El reclutador debe demostrar seguridad. Debe demostrar que es un experto en el tema, en lo que está haciendo, en el manejo de su proceso y esa autoridad en el tema.
Ese dominio del tema lo debe reflejar tanto cuando está relacionándose y comunicándose con el candidato, como cuando está relacionándose con el cliente interno, con el dueño de la vacante, con la persona que tiene la necesidad de completar su headcount, de completar su equipo para poder lograr los objetivos.
Una de las primeras fuentes de información que debe tener y dominar el reclutador es contar con claridad sobre el manual de políticas y procedimientos del área de reclutamiento de la organización. Debe saber cuáles son las políticas de reclutamiento, si la empresa tiene una cultura de reclutamiento interno, externo o mixto. También debe conocer cuáles son los tiempos de respuesta para poder asegurar el cumplimiento del proceso de selección de los candidatos.

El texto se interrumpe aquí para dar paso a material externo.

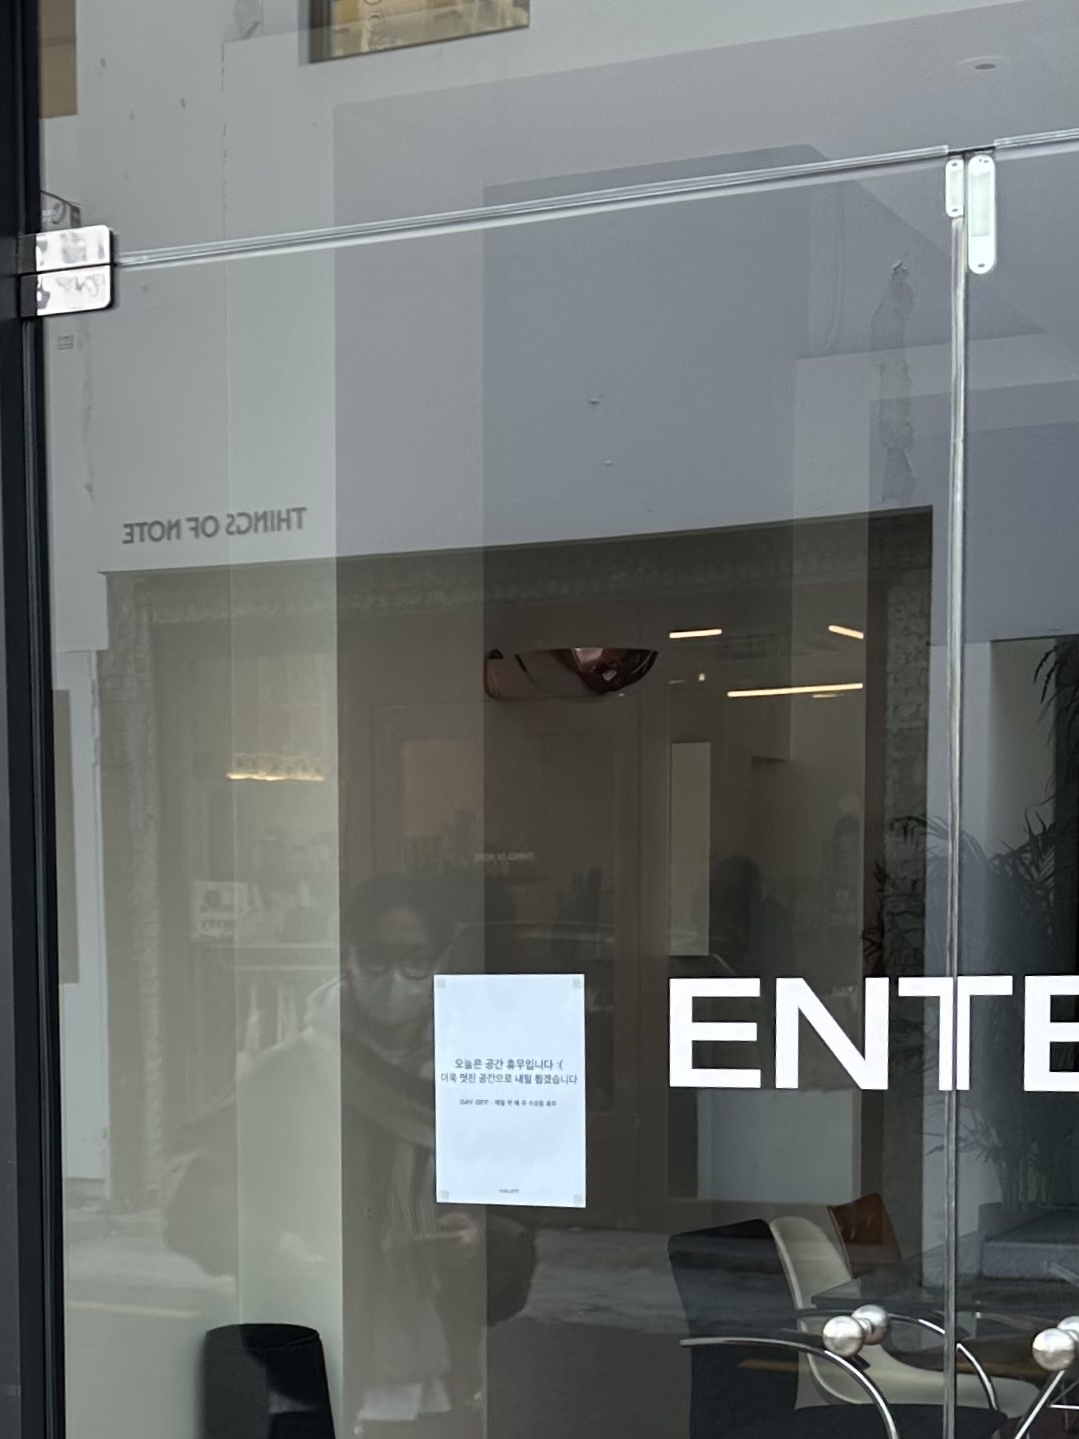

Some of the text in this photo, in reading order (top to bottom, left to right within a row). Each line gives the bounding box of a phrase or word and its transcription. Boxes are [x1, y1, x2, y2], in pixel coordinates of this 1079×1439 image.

[455, 1058, 482, 1070] 오늘은
[485, 1058, 504, 1070] 공간
[507, 1058, 554, 1070] 휴무입니다
[441, 1073, 578, 1085] 더욱 멋진 공간으로 내일 뵙겠습니다

Conocer la cultura de la organización es fundamental. El reclutador debe tener, a través de ese manual de procedimientos, claramente definidas todas las políticas de la organización, los beneficios y las normas.

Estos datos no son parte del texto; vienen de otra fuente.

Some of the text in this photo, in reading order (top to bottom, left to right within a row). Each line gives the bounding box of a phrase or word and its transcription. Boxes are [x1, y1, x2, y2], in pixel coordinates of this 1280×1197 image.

Por ejemplo, debe tener mucha claridad sobre los beneficios que ofrece la organización para los candidatos. También debe conocer quiénes son las personas que intervienen en el proceso de selección.
Muchas veces iniciamos un proceso solamente con la información de alguien que supervisa de manera indirecta a un recurso o a una persona. Sin embargo, cuando el proceso ya está en marcha, nos damos cuenta de que alguien que participa en las entrevistas descalifica a un candidato, y eso no fue tomado en cuenta desde el inicio porque el reclutador no estaba informado de todas las personas que intervienen en ese proceso de selección.
Por eso es tan importante que, antes de iniciar un proceso de selección, el reclutador tenga claridad sobre las políticas de reclutamiento y selección de la organización. Debe conocer muy bien los requerimientos del perfil del puesto, tener claridad sobre la descripción del puesto, validar la información con el supervisor de la posición, entender quiénes son las personas que toman decisiones en el proceso de selección y asegurar que todas las personas que intervienen en las entrevistas tengan la formación necesaria.
De esta manera, ese candidato —o esos candidatos— vivirán la mejor experiencia posible. No se trata únicamente de tomar en cuenta el expertise del reclutador de Gestión Humana, sino de que esa misma experiencia también sea transmitida por el supervisor cuando entrevista a los candidatos.
Así de importante es que el reclutador conozca lo que requiere el perfil, como también que lo conozca el supervisor de la posición.